Because as I've mentioned on this blog, I don't know how I got lucky enough to have a pretty good marriage that has survived as long as it has.

My friend is far more mature than I was when I married (as a wee helpless babe of 24).  She has lived on her own for many years.  She knows she can take care of herself without any man's help.  She has never confused being alone with loneliness (at least to the point where she thinks she needs a man and therefore has chosen just any man for his presence).  

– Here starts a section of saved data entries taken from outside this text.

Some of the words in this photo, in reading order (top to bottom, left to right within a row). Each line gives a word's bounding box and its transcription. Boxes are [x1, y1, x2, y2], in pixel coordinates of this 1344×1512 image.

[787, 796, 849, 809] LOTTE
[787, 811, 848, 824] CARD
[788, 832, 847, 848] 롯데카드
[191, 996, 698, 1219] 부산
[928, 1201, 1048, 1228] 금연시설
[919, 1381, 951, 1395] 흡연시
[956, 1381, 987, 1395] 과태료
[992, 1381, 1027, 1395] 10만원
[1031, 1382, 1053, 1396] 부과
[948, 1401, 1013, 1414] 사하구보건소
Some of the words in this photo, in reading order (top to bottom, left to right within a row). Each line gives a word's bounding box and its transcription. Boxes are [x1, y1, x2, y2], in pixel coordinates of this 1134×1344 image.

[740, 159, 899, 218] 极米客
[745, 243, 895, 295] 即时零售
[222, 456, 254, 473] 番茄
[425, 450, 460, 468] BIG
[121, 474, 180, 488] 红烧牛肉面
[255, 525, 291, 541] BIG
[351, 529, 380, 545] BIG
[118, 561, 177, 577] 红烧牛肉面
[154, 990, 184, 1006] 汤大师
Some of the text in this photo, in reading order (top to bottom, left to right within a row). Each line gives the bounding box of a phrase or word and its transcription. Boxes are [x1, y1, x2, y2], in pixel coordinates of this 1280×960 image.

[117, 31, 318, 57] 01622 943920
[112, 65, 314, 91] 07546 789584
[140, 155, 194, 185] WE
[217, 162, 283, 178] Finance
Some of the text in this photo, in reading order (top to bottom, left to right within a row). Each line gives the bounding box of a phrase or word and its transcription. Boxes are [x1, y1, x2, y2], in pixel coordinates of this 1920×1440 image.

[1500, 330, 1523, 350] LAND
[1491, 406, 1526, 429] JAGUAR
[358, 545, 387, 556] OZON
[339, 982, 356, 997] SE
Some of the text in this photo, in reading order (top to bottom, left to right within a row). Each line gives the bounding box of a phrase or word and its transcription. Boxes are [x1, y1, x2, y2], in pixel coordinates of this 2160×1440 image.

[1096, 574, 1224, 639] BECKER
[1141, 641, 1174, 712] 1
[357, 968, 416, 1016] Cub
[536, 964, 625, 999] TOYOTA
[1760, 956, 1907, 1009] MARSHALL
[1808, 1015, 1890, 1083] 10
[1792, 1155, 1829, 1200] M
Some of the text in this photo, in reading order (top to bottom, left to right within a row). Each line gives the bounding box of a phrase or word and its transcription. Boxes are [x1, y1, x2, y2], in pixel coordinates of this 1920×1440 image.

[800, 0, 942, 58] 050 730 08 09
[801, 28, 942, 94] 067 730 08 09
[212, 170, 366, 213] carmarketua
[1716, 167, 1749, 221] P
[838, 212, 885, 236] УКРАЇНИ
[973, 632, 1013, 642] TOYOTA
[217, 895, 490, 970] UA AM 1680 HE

If anything, I think I need her advice on how to be a successfully independent woman.
Because I think if our circumstances were switched, I feel fairly confident I wouldn't have chosen my company as well.
(Of course, when I think about the 4-5 guys I dated with any touch of seriousness prior to marriage, they were all good and decent men who probably would have made good husbands for me, so maybe I don't give myself enough credit.)

Anyway.........

Since I have no advice for her, I am sending her lots of wishes.....
For mostly happy times in her marriage.
For fortitude and closeness during the difficult or sad times.
For laughter and travels together.
For, perhaps if they deem it desirable, a little one that I can visit in the hospital the day after his/her birth.
And for her continued friendship in my life.

Love you KL. 

1 comment:

Kelsey said...

But Carrie, I think there is advice in your wishes - and they are lovely. Good things for all of us to keep in mind.